*Working data*:
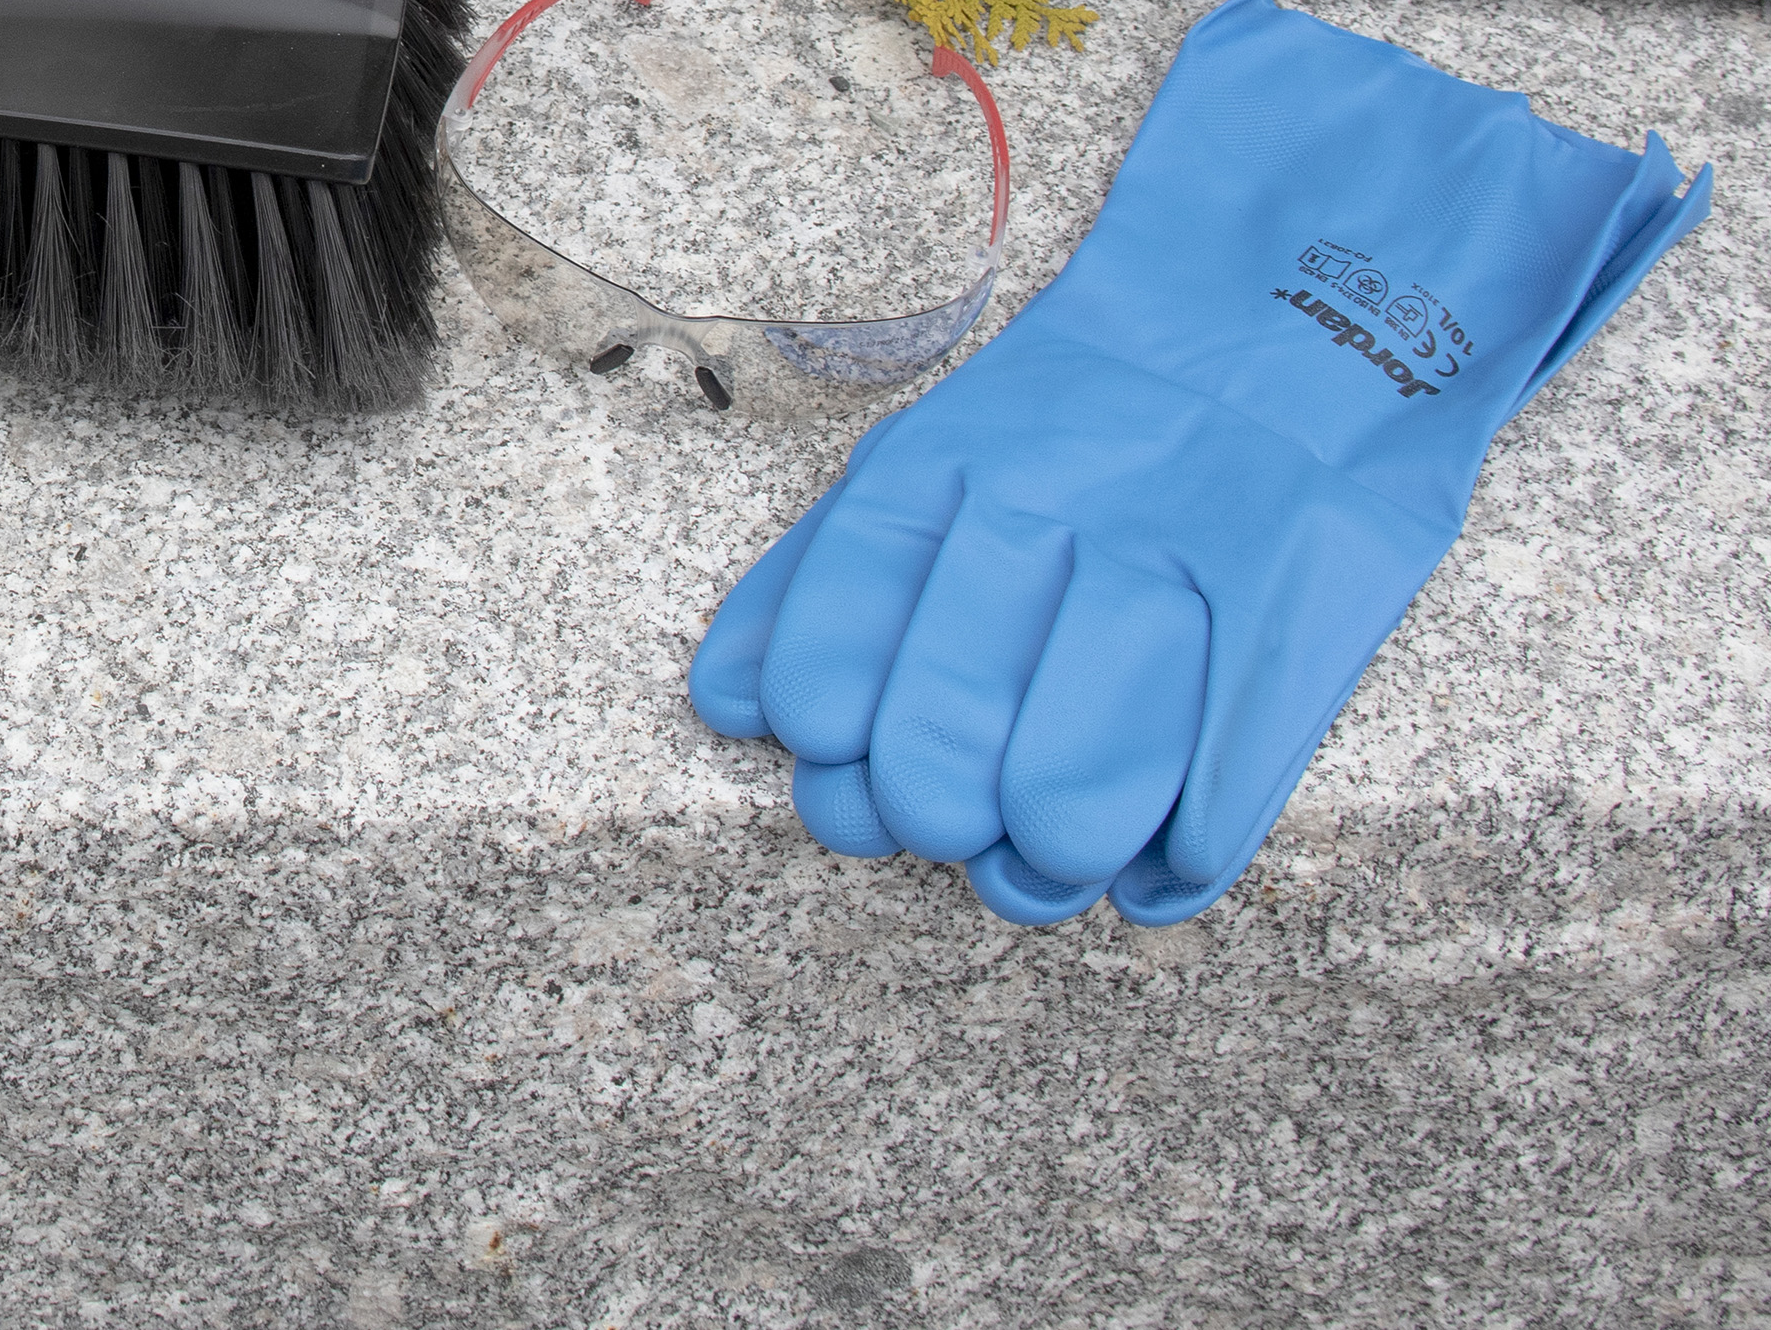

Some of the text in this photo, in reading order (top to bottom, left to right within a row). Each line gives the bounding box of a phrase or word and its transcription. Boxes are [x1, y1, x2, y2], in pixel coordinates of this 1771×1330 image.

[1298, 266, 1328, 283] EN 420
[1353, 297, 1368, 308] ISO
[1411, 282, 1439, 306] 3101X
[1368, 305, 1381, 317] EN
[1398, 329, 1410, 341] EN
[1439, 306, 1474, 356] 10/L
[1289, 289, 1440, 398] Jordan
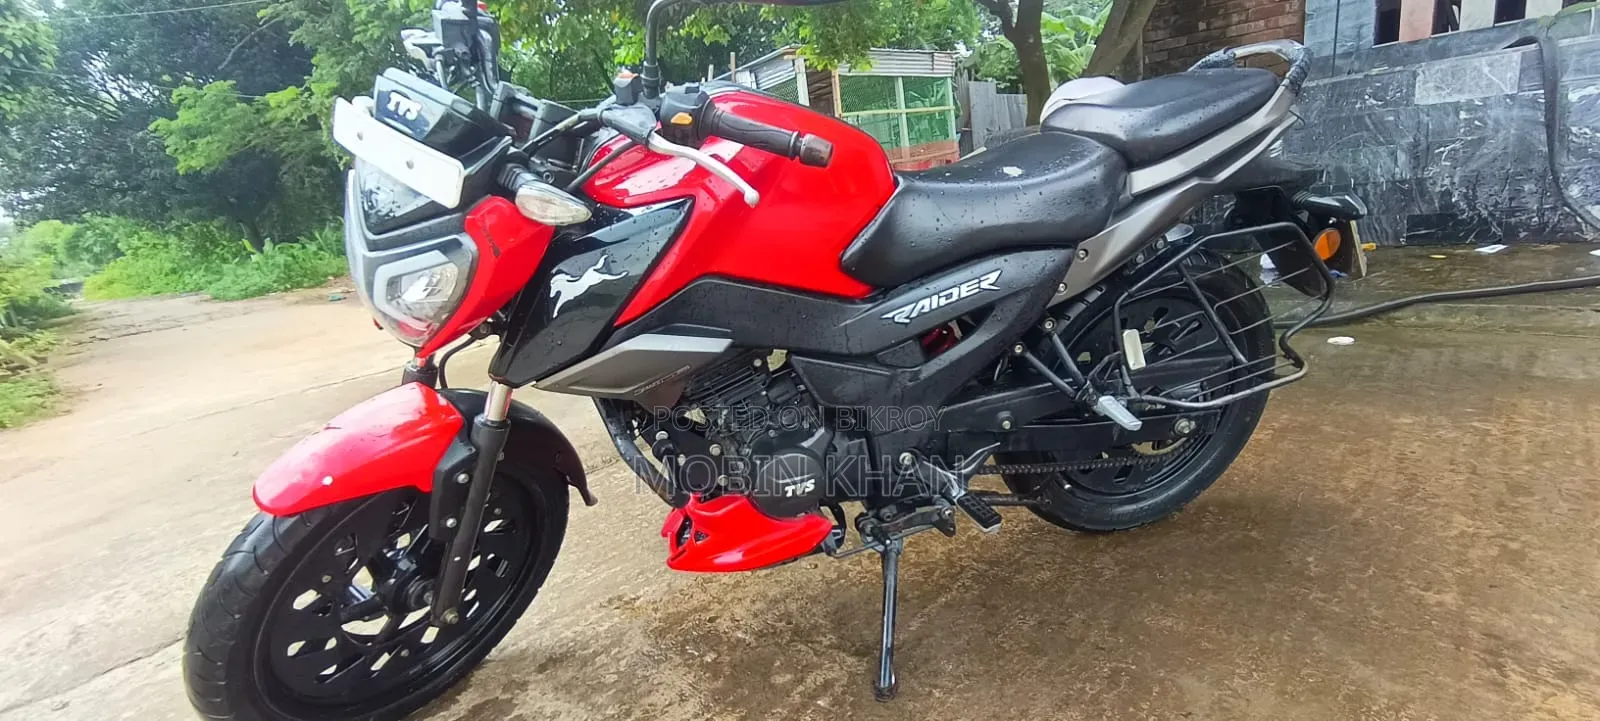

*What you are asked to do*: Output the material verbatim, skipping the images.

*Written response*:
Some of the text in this photo, in reading order (top to bottom, left to right within a row). Each line gives the bounding box of a phrase or word and its transcription. Boxes are [x1, y1, x2, y2], in pixel coordinates of this 1771×1330 image.

[1298, 266, 1328, 283] EN 420
[1353, 297, 1368, 308] ISO
[1411, 282, 1439, 306] 3101X
[1368, 305, 1381, 317] EN
[1398, 329, 1410, 341] EN
[1439, 306, 1474, 356] 10/L
[1289, 289, 1440, 398] Jordan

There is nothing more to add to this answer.